Monterey, Tenness, the center seat of the Cumberland Plateau holds special qualities.
Around the beginning of the twentieth century, Monterey was a resort town that boasted seven hotels and drew summer people who came to enjoy the cool temperatures and mountain scenery.
With the invention of the automobile, Monterey became less of a resort town. The hotels closed and the town’s economy became dependent on railroad maintenance, coal mining, and logging.
The Standing Stone was a 13-foot (4.0 m)-tall rock that once stood upright on a sandstone ledge in the area. It was the legendary boundary between Cherokee and Shawnee territory and marked the Cherokee Tallonteeskee Trail.

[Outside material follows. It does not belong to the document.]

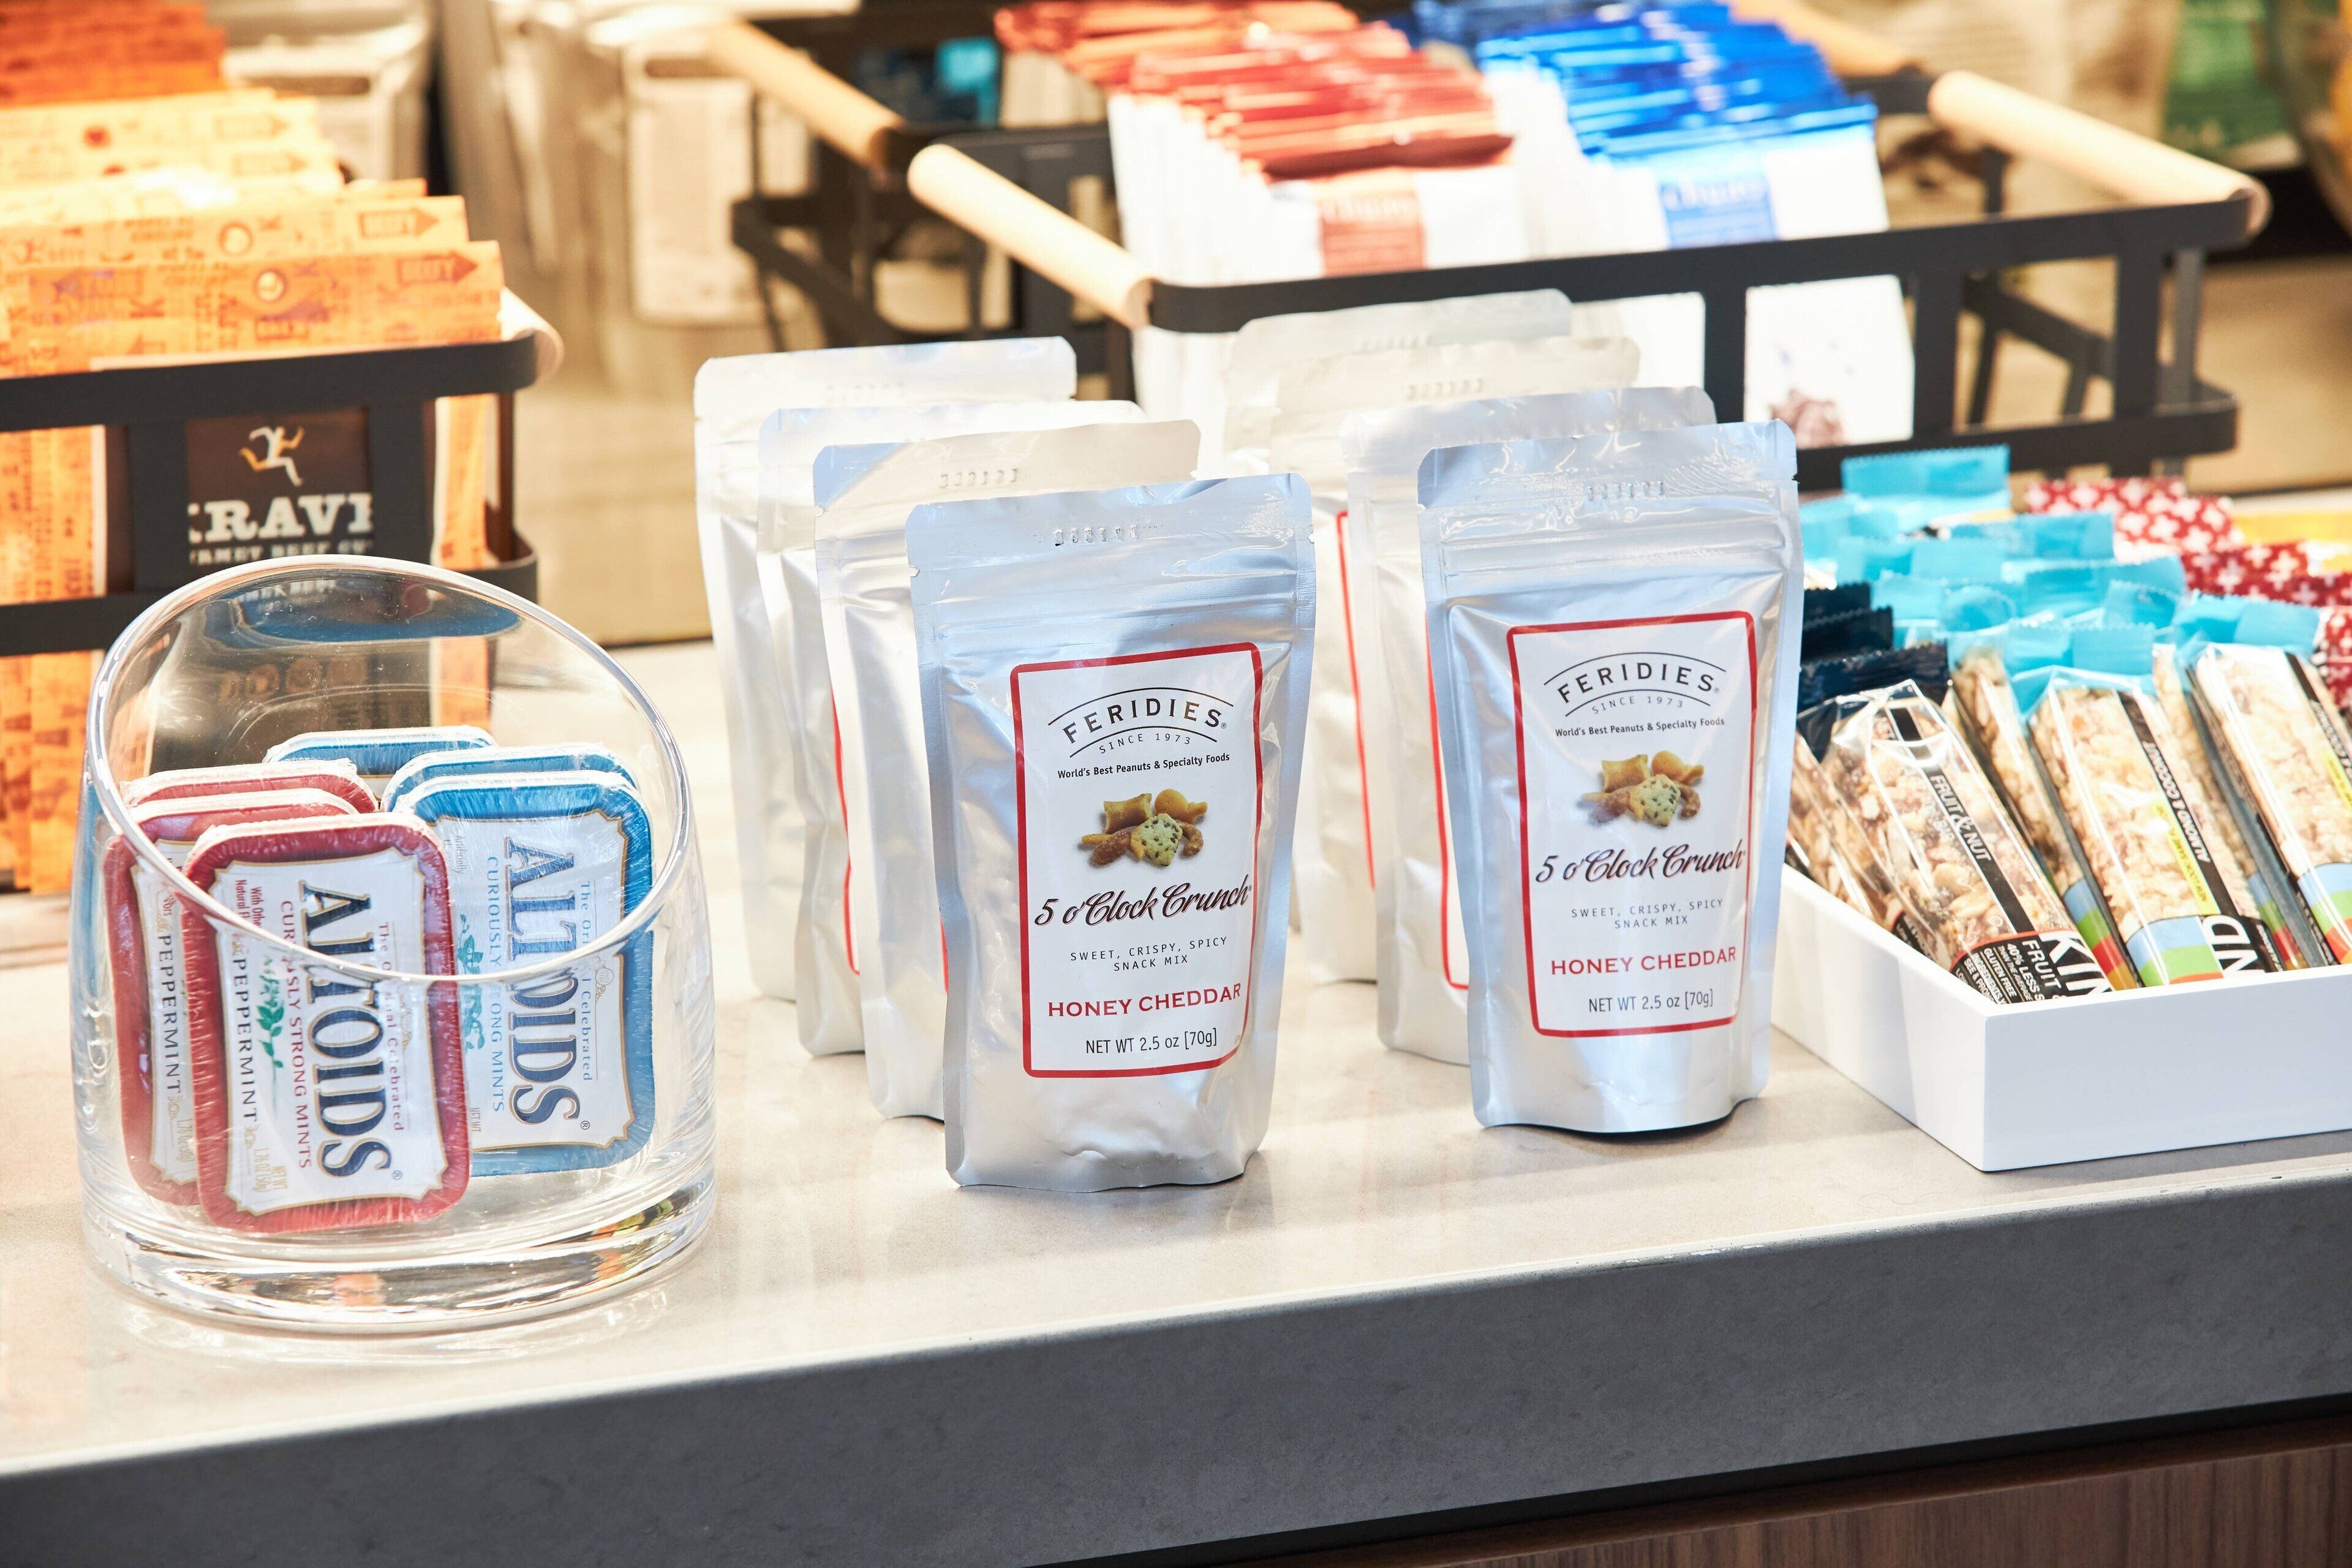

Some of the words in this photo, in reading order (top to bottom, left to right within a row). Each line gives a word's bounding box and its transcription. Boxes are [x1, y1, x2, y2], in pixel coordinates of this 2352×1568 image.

The 8-foot (2.4 m) remnant of this stone is preserved in Monterey, where a Standing Stone Celebration of Native American Heritage is held each October.
The red brick Monterey High School building was torn down in early 2013; a new high school is currently under construction where the old building stood.
Gently rolling pastures and meadows equally surrounded by 200-year old hard wood forest with creeks, waterfalls, ancient caves, 100`foot bluff ledges and breath-taking views of the adjoining Mountain vistas and valleys. Enjoy horseback riding, hiking, fishing, 4wheeling, camping or maybe just retirement.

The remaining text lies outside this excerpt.